Work task
Without any images, output the records below verbatim.

[Collected data]
══════════════════════════════

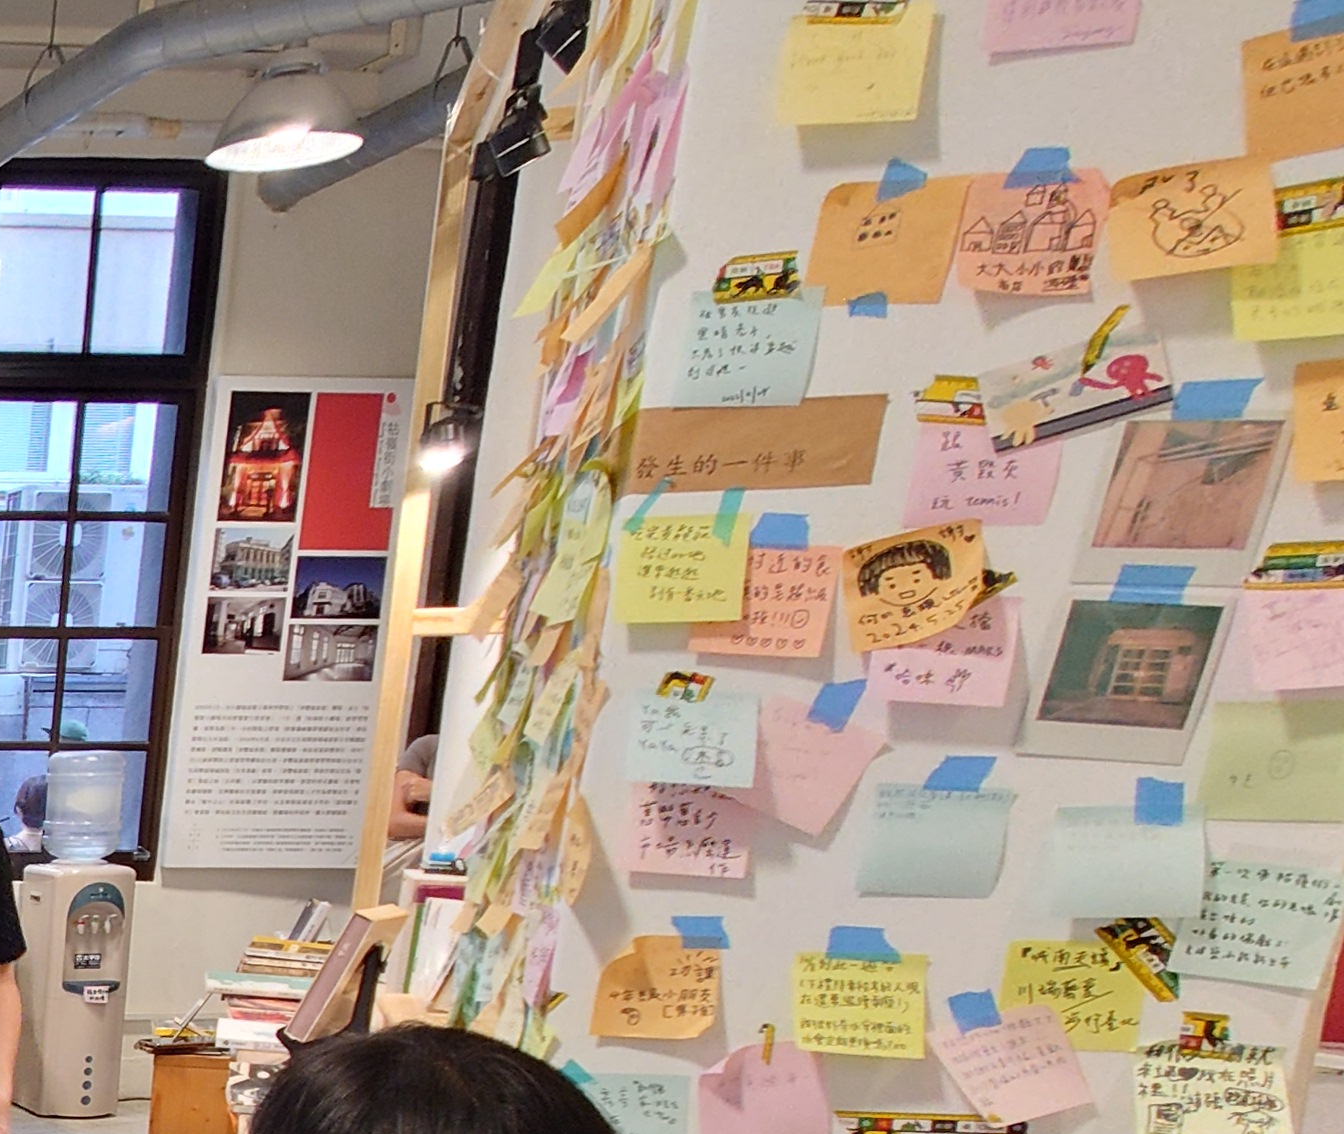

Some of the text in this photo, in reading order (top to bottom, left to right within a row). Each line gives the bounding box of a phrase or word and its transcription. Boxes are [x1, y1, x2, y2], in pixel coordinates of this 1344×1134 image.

[635, 450, 806, 479] 發生的一件事
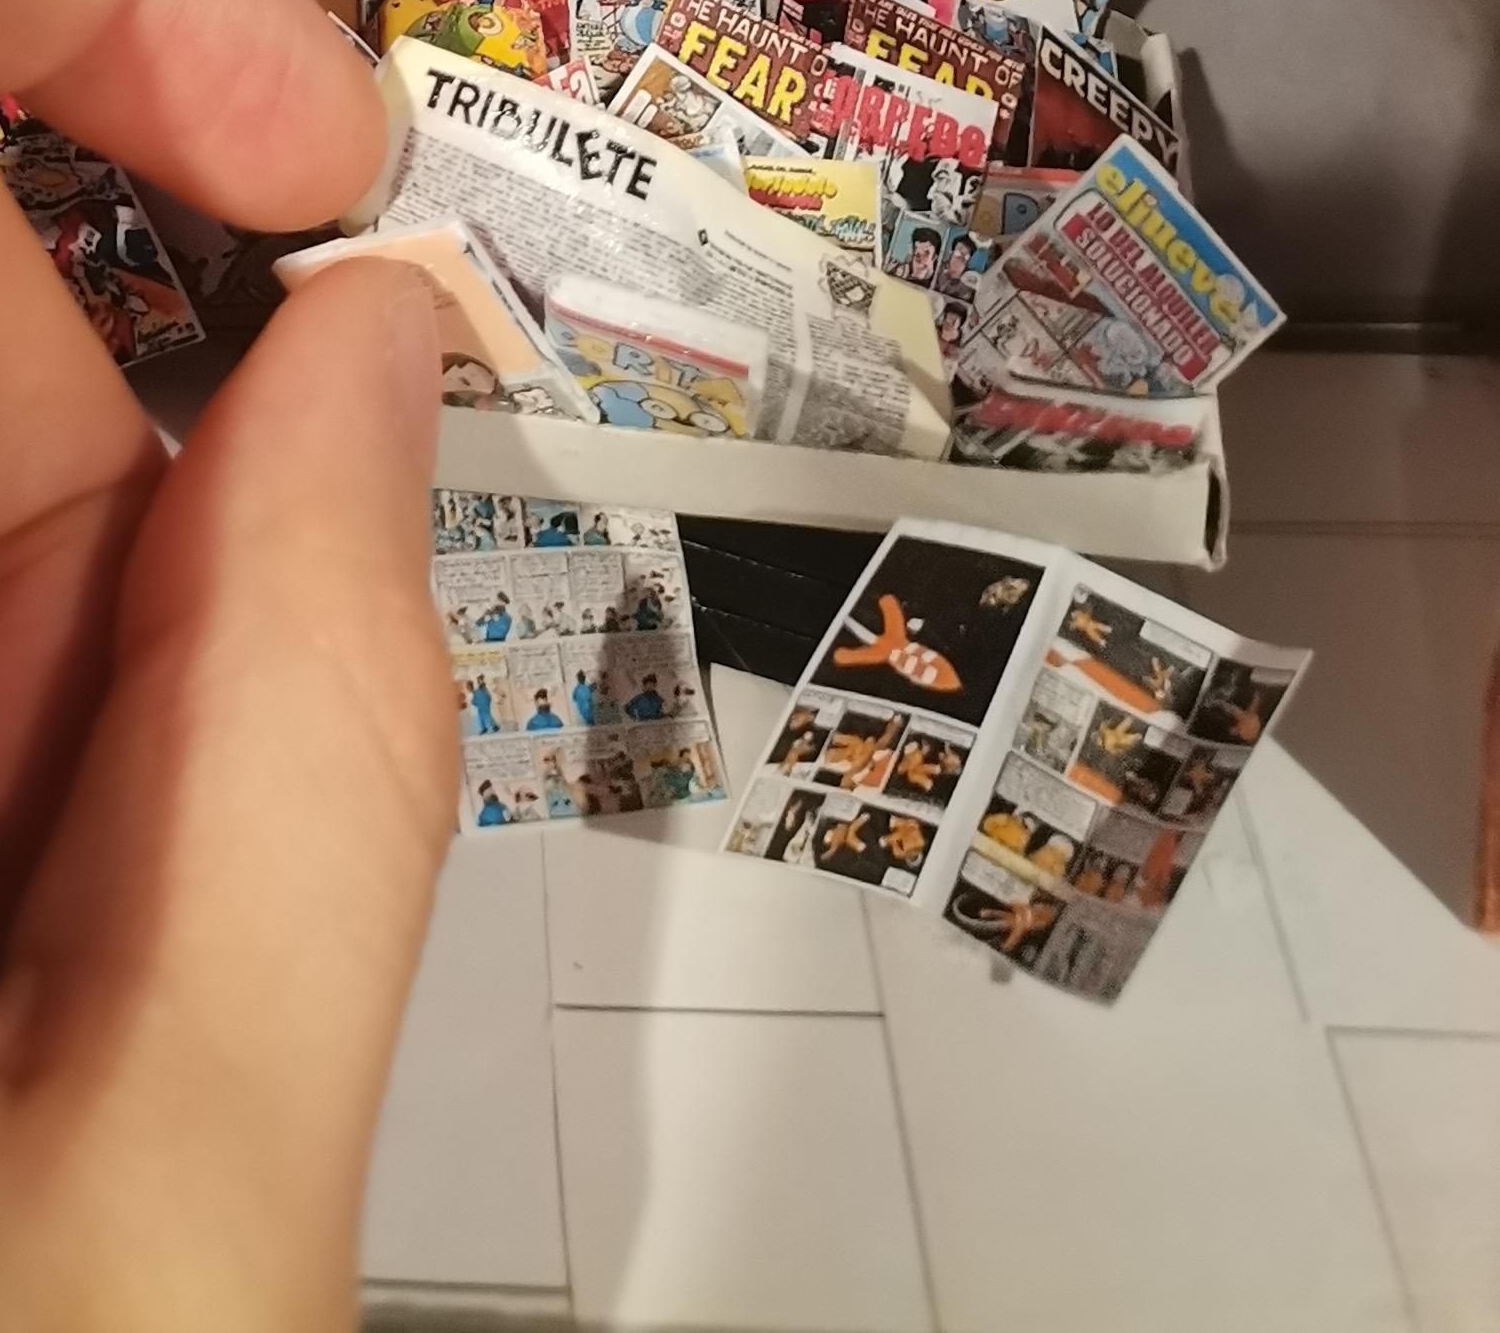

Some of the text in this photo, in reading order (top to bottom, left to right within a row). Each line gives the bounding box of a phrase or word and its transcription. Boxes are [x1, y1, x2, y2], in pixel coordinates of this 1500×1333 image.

[678, 20, 808, 125] FEAR
[716, 8, 808, 65] HAUNT
[810, 55, 829, 77] O
[895, 17, 989, 73] HAUNT
[994, 64, 1024, 89] OF
[426, 67, 657, 201] TRIBULETE
[1039, 37, 1179, 166] CREEPY
[1086, 201, 1115, 238] LO
[1108, 228, 1145, 268] DEL
[1074, 227, 1195, 364] SOLUCIONADO
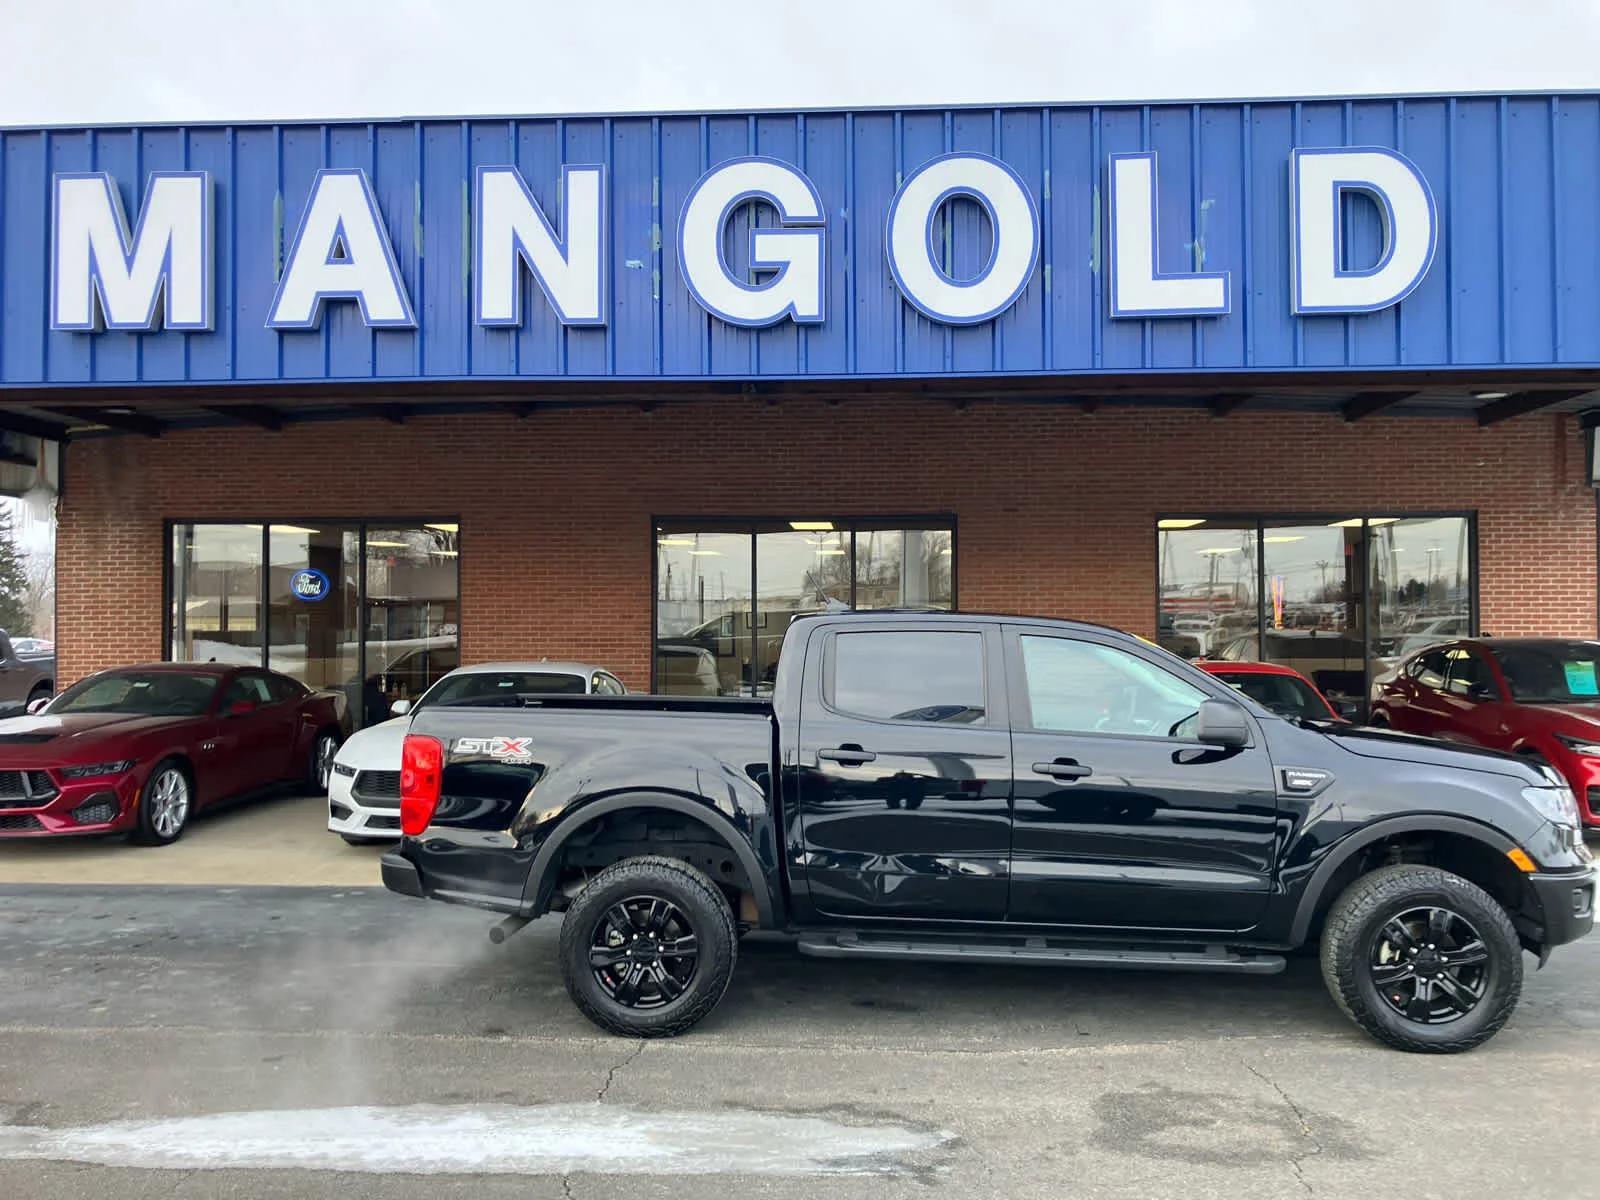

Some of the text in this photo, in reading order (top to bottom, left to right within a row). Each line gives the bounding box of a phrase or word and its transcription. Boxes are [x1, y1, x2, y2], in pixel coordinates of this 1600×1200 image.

[50, 145, 1438, 331] MANGOLD
[295, 572, 321, 595] Ford
[453, 736, 533, 757] STX
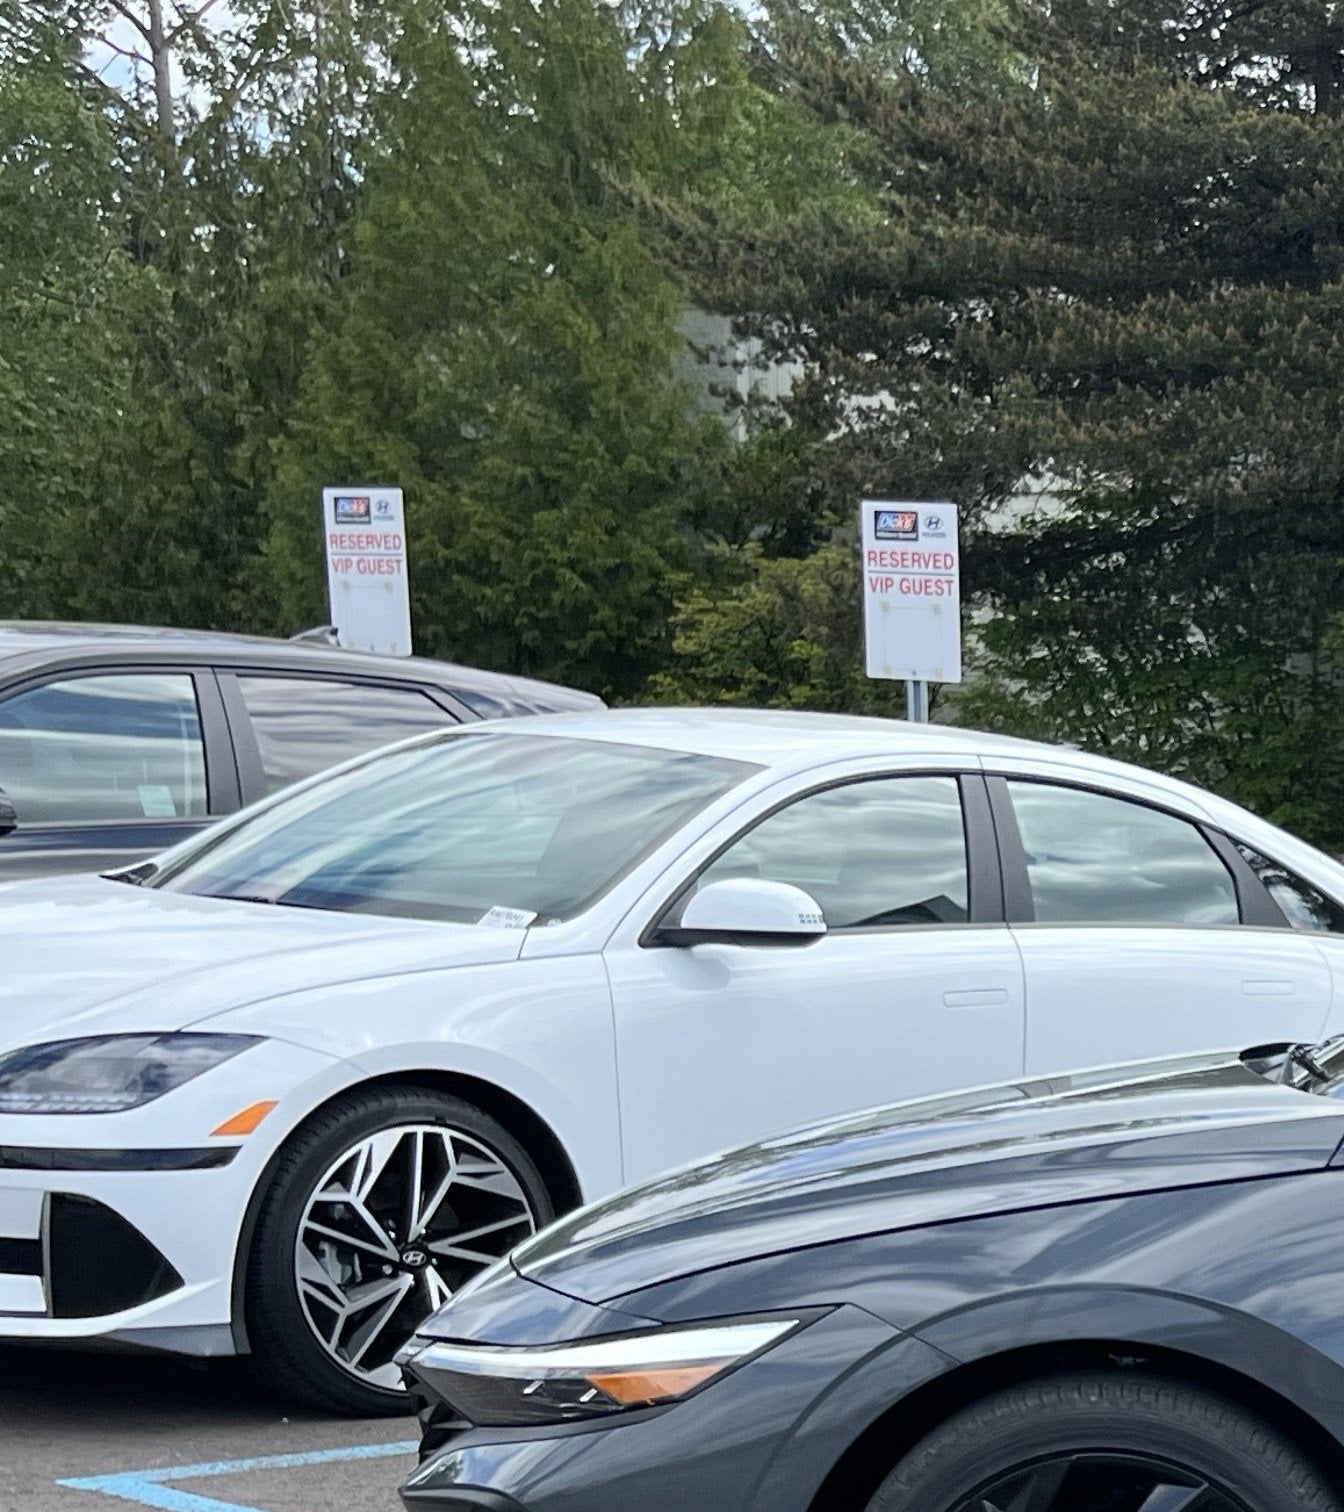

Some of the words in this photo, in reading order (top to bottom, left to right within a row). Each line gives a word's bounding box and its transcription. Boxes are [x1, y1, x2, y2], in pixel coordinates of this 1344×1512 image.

[330, 533, 402, 550] RESERVED
[332, 559, 353, 574] VIP
[357, 558, 403, 575] GUEST
[867, 550, 954, 570] RESERVED
[869, 576, 894, 594] VIP
[899, 578, 954, 596] GUEST

══════════════════════════════

Answer box
Some of the text in this photo, in reading order (top to bottom, left to right within a row). Each line gives the bounding box of a phrase or word and its transcription. Boxes are [x1, y1, x2, y2], in pixel coordinates of this 1344×1134 image.

[635, 450, 806, 479] 發生的一件事

Some of the text in this photo, in reading order (top to bottom, left to right within a row). Each line gives the bounding box of a phrase or word and its transcription. Boxes are [x1, y1, x2, y2], in pixel coordinates of this 1500×1333 image.

[678, 20, 808, 125] FEAR
[716, 8, 808, 65] HAUNT
[810, 55, 829, 77] O
[895, 17, 989, 73] HAUNT
[994, 64, 1024, 89] OF
[426, 67, 657, 201] TRIBULETE
[1039, 37, 1179, 166] CREEPY
[1086, 201, 1115, 238] LO
[1108, 228, 1145, 268] DEL
[1074, 227, 1195, 364] SOLUCIONADO

Some of the text in this photo, in reading order (top to bottom, left to right within a row). Each line gives the bounding box of a phrase or word and its transcription. Boxes are [x1, y1, x2, y2], in pixel coordinates of this 1600×1200 image.

[50, 145, 1438, 331] MANGOLD
[295, 572, 321, 595] Ford
[453, 736, 533, 757] STX

Some of the words in this photo, in reading order (top to bottom, left to right within a row). Each line gives a word's bounding box and its transcription. Boxes are [x1, y1, x2, y2], in pixel coordinates of this 1344×1512 image.

[330, 533, 402, 550] RESERVED
[332, 559, 353, 574] VIP
[357, 558, 403, 575] GUEST
[867, 550, 954, 570] RESERVED
[869, 576, 894, 594] VIP
[899, 578, 954, 596] GUEST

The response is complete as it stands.